Letshego Holdings Limited went through mini transformation in the recent weeks with about eight staff members leaving the employ of the organization through dismissals, retirement and resignations. The developments at Letshego follows recent reports of embezzlement of funds under the pretext of loans at the organization.
Mythri Sambasivan-George, Group Head of Corporate Affairs at Letshego Holdings Limited rubber stamped the organization’s “people commitment strategy” which said does not allow them to share employee information. “Letshego has high regard for employee and employer confidentiality. To this end, we do not discuss the employment record of any individual because to do so breaches that confidence,” she said.
Of more gravity is the company’s decision to fire two finance managers who are Batswana. Their dismissal followed the exit of Head of Audit at the organization. At the moment there is another Motswana finance manager who is serving notice. In the last two months six key personnel in the finance department have left the organization.
Letshego Holding Limited has also demoted the Human Resources Director and was quickly replaced recently. It is not clear why the HR Director was demoted but he is seen as one of those who are irked by the apparent channeling of funds to finance projects in Kenya. There are also suggestions that Letshego headquarters will be moved to South Africa. Letshego in Botswana contributes about 40 percent to the Group’s balance sheet. The position was not advertised.

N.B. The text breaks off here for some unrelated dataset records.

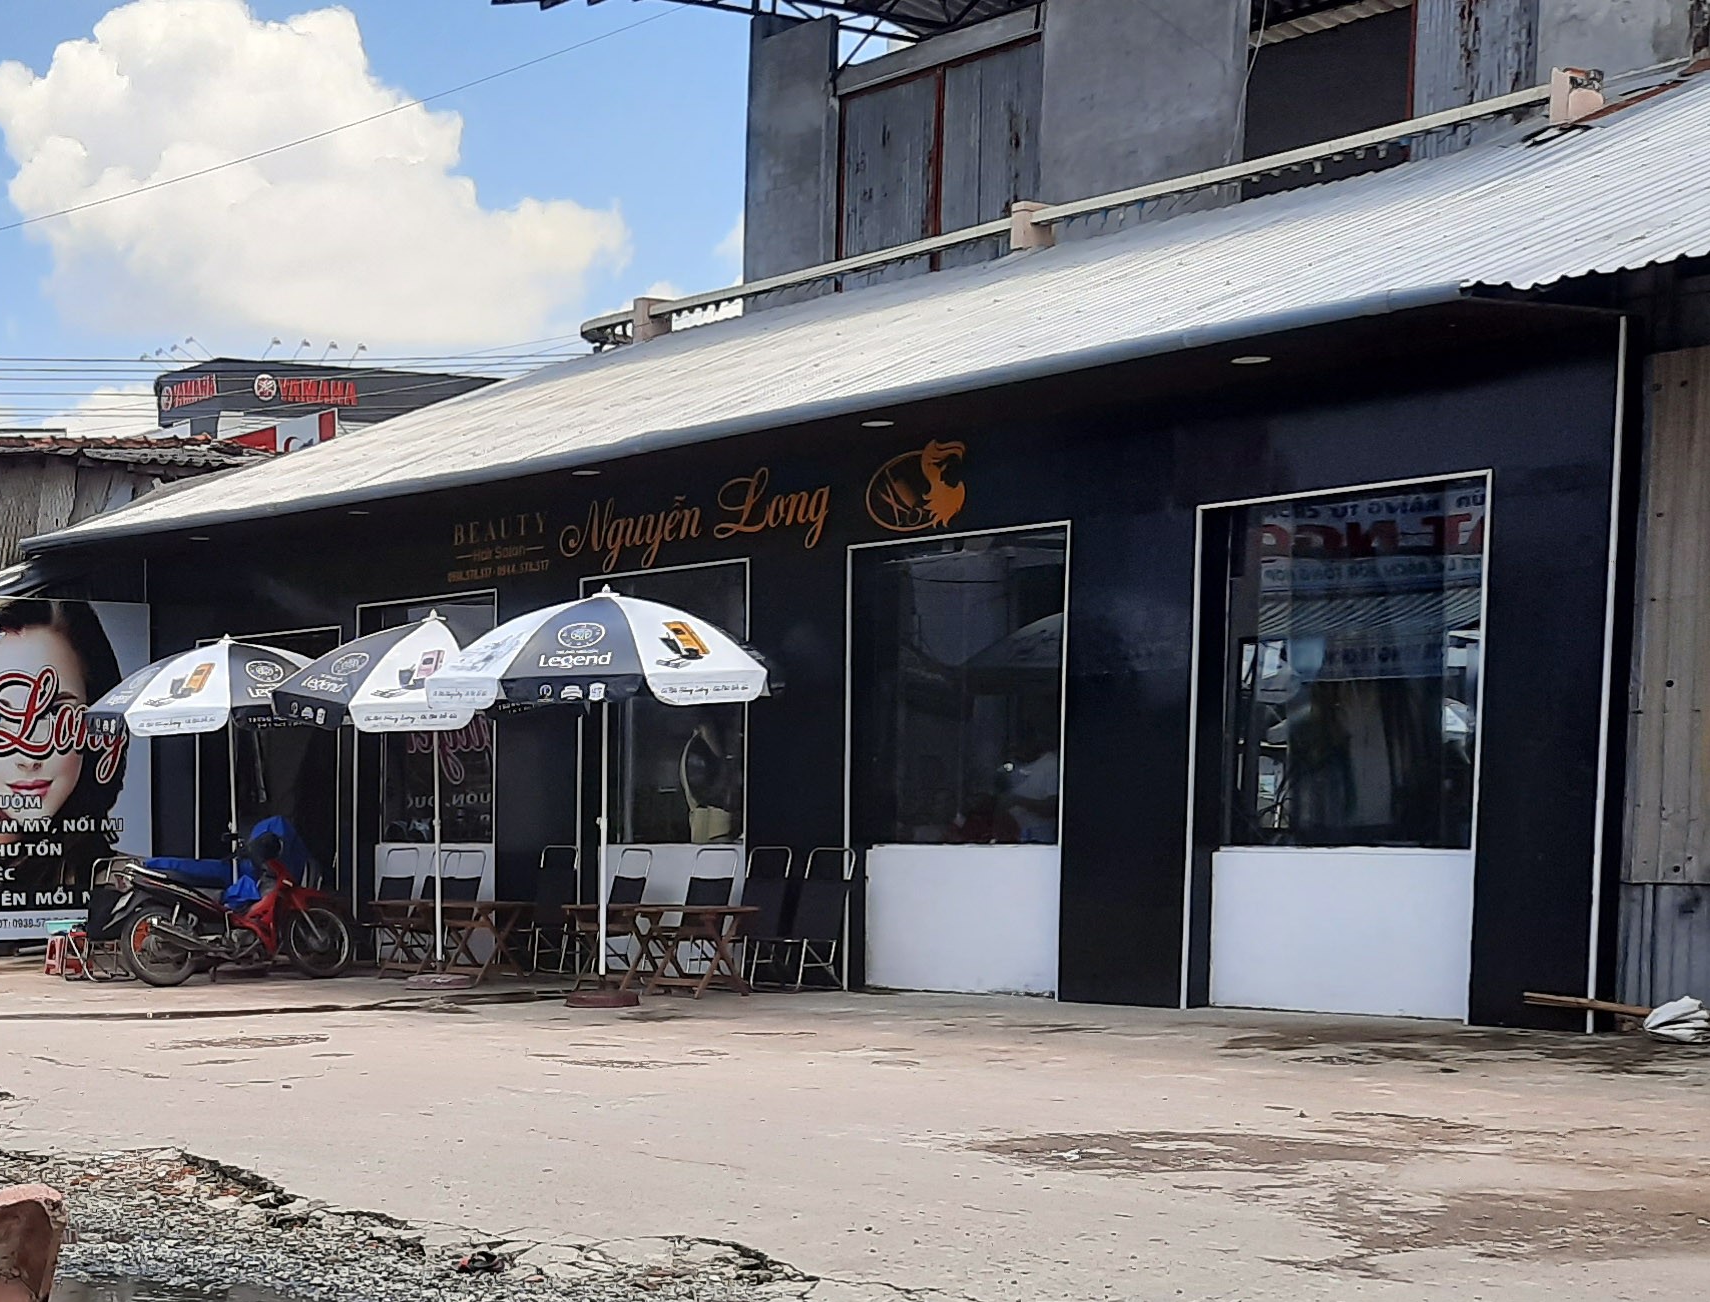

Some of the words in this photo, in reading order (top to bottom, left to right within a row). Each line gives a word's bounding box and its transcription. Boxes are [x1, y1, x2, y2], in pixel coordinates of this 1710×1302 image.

[174, 373, 217, 408] YAMAHA
[278, 378, 358, 406] YAMAHA
[453, 511, 549, 546] BEAUTY
[559, 495, 702, 574] Nguyễn
[713, 467, 831, 549] Long
[539, 652, 612, 669] Legend
[300, 675, 348, 693] Legend
[101, 818, 123, 832] MI

“As a listed business, Letshego is committed to strong transparency and governance principles, to achieving high levels of employee engagement and to investing in its employees for developmental and capacity reasons. This approach will enable us to sustain our strategy for growth, performance and returns and should benefit our valued team members as well as our customers and other stakeholders in the medium to long term,” Sambasivan-George served this reporter.
She explained that Letshego also invests in “talent mobility” to build and broaden the skill set of the company’s key leadership staff through exposure to other markets and business environments – “for example, local Batswana talent represent Letshego in Kenya, Lesotho and Nigeria today. Further we evaluate all such opportunities as they arise, with our actions premised on strong governance.”

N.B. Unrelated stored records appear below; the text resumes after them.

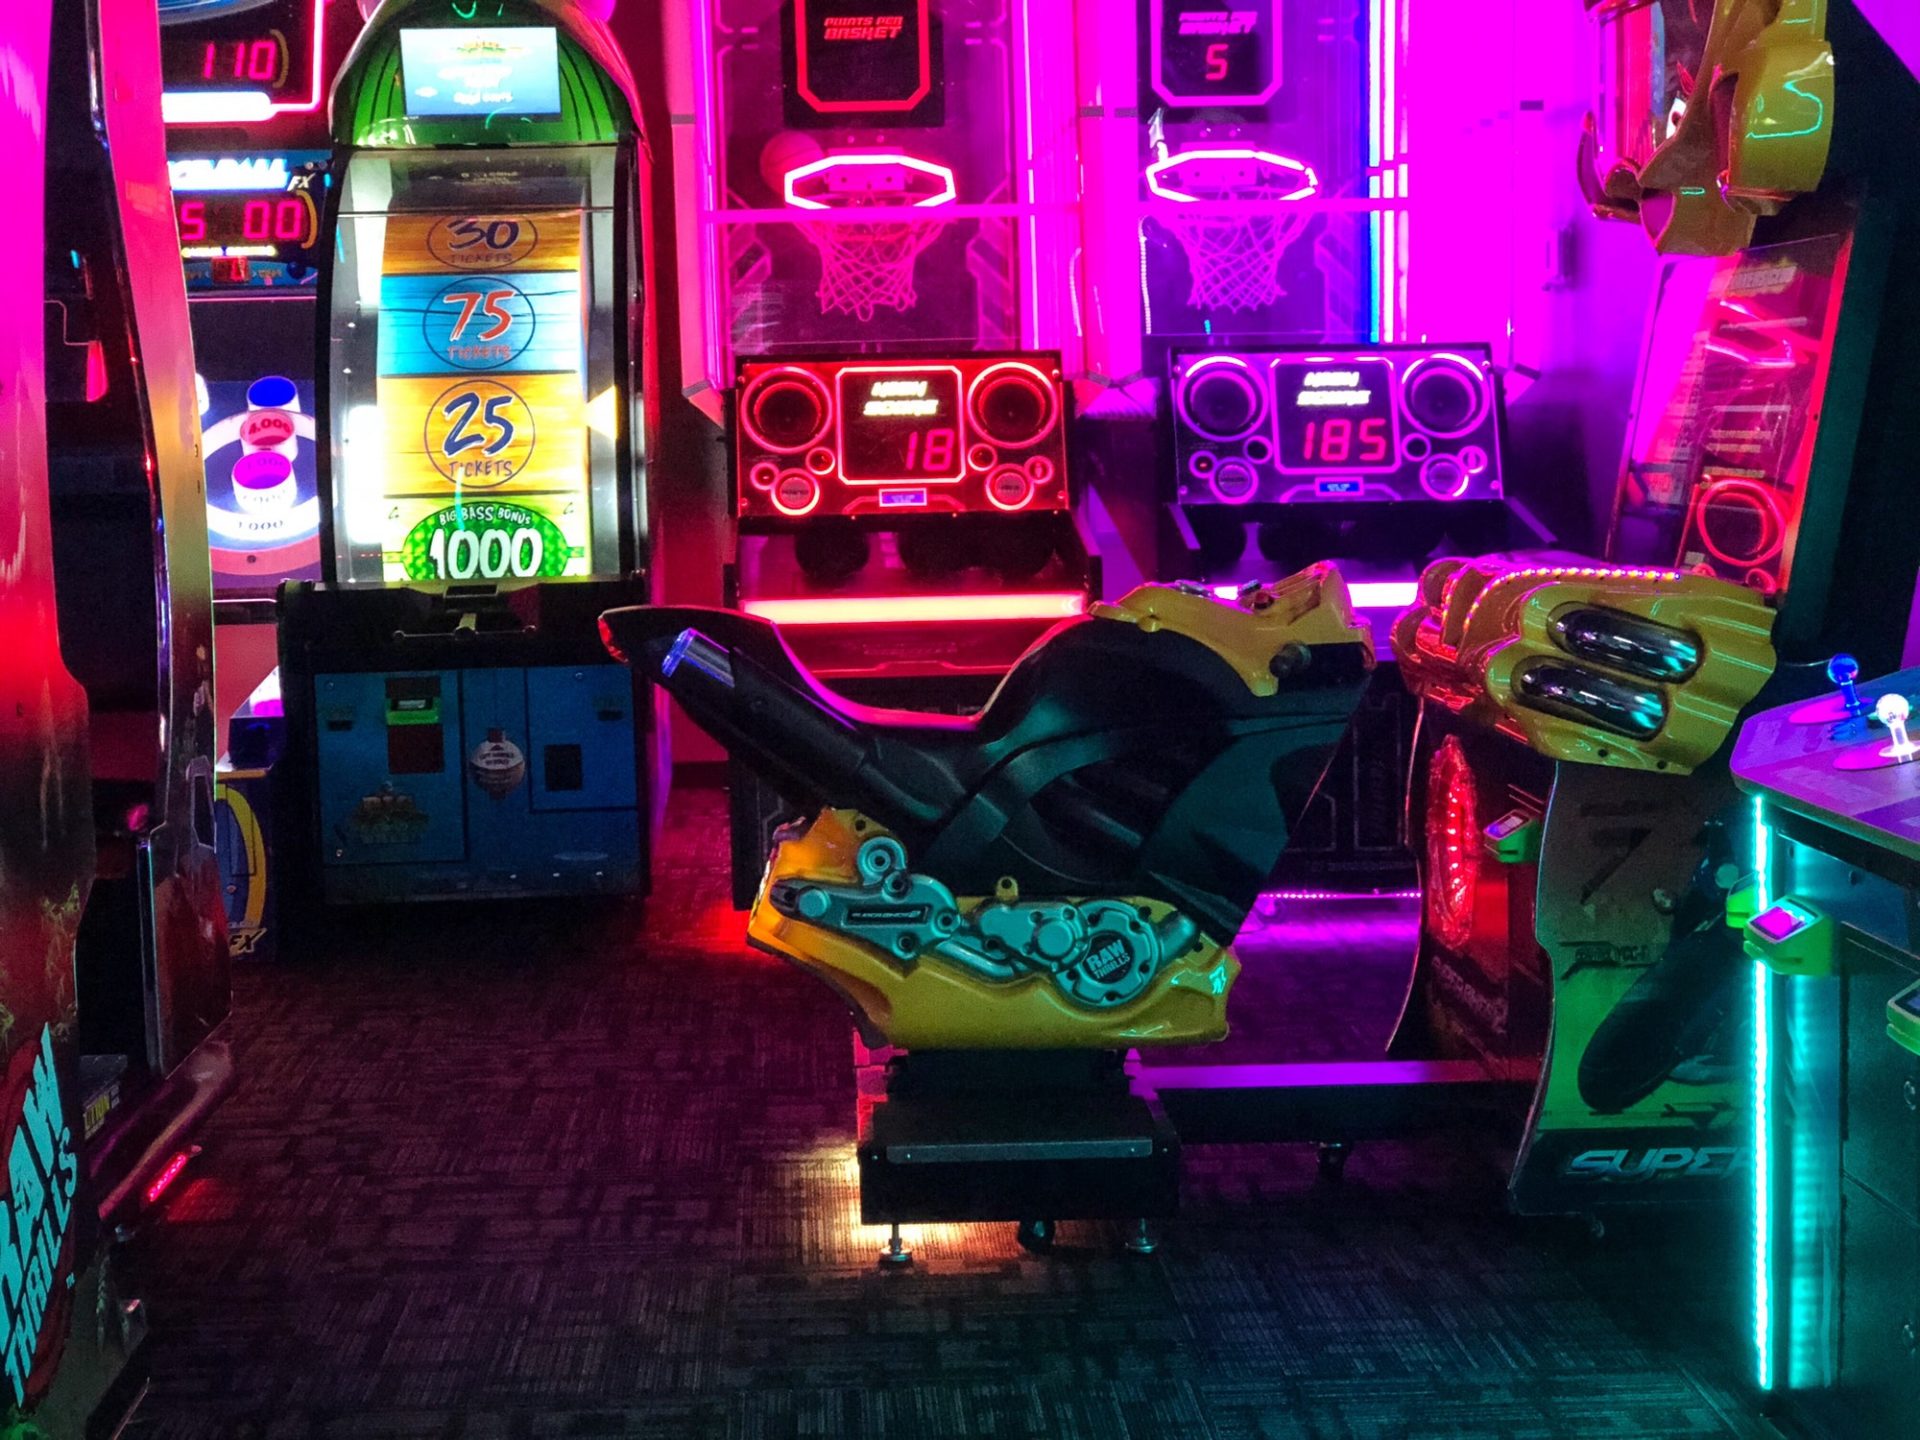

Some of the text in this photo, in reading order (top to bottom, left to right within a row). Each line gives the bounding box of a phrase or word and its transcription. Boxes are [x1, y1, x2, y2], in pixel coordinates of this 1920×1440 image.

[1205, 43, 1229, 81] 5
[287, 172, 316, 191] FX
[446, 219, 520, 250] 30
[450, 252, 513, 264] TICKETS
[443, 290, 516, 341] 75
[448, 345, 512, 361] TICKETS
[442, 392, 515, 458] 25
[1303, 418, 1387, 461] 185
[905, 428, 955, 471] 18
[439, 506, 532, 526] BIG BASS BONUS
[429, 527, 543, 580] 1000
[1086, 939, 1126, 972] RAW
[1093, 952, 1131, 979] THRILLS
[4, 1126, 78, 1409] THRILLS

Some had tried to link the mass exodus at Letshego with a recent discovered scam in which loans were fraudulently secured through the names of customers by some staff members. But those in the know dismiss the theory and assert that the departures stem from growing discontent over staff welfare and key decisions affecting the company.
Two months back a paper trail at Letshego had unearthed fraudulent loan applications and transactions littered with the fingerprints of some of the suspended employees.
Information passed to this publication at the time suggested that the concerned employees have been faking loan applications, using the names of genuine customers, only for the money to end up in their (employees) bank accounts.
Over the past two months investigations put the figure at over P1 million. Letshego is the first consumer lending company to be established in Botswana and is still the leading provider of unsecured credit to Batswana. Letshego was established to provide unsecured loans to formally employed clients.
Two of the employees who were suspended from the company have returned to work. A clear indication that there is no evidence linking them to the scam, our sources say. At the time the fraud was discovered five employees were suspended.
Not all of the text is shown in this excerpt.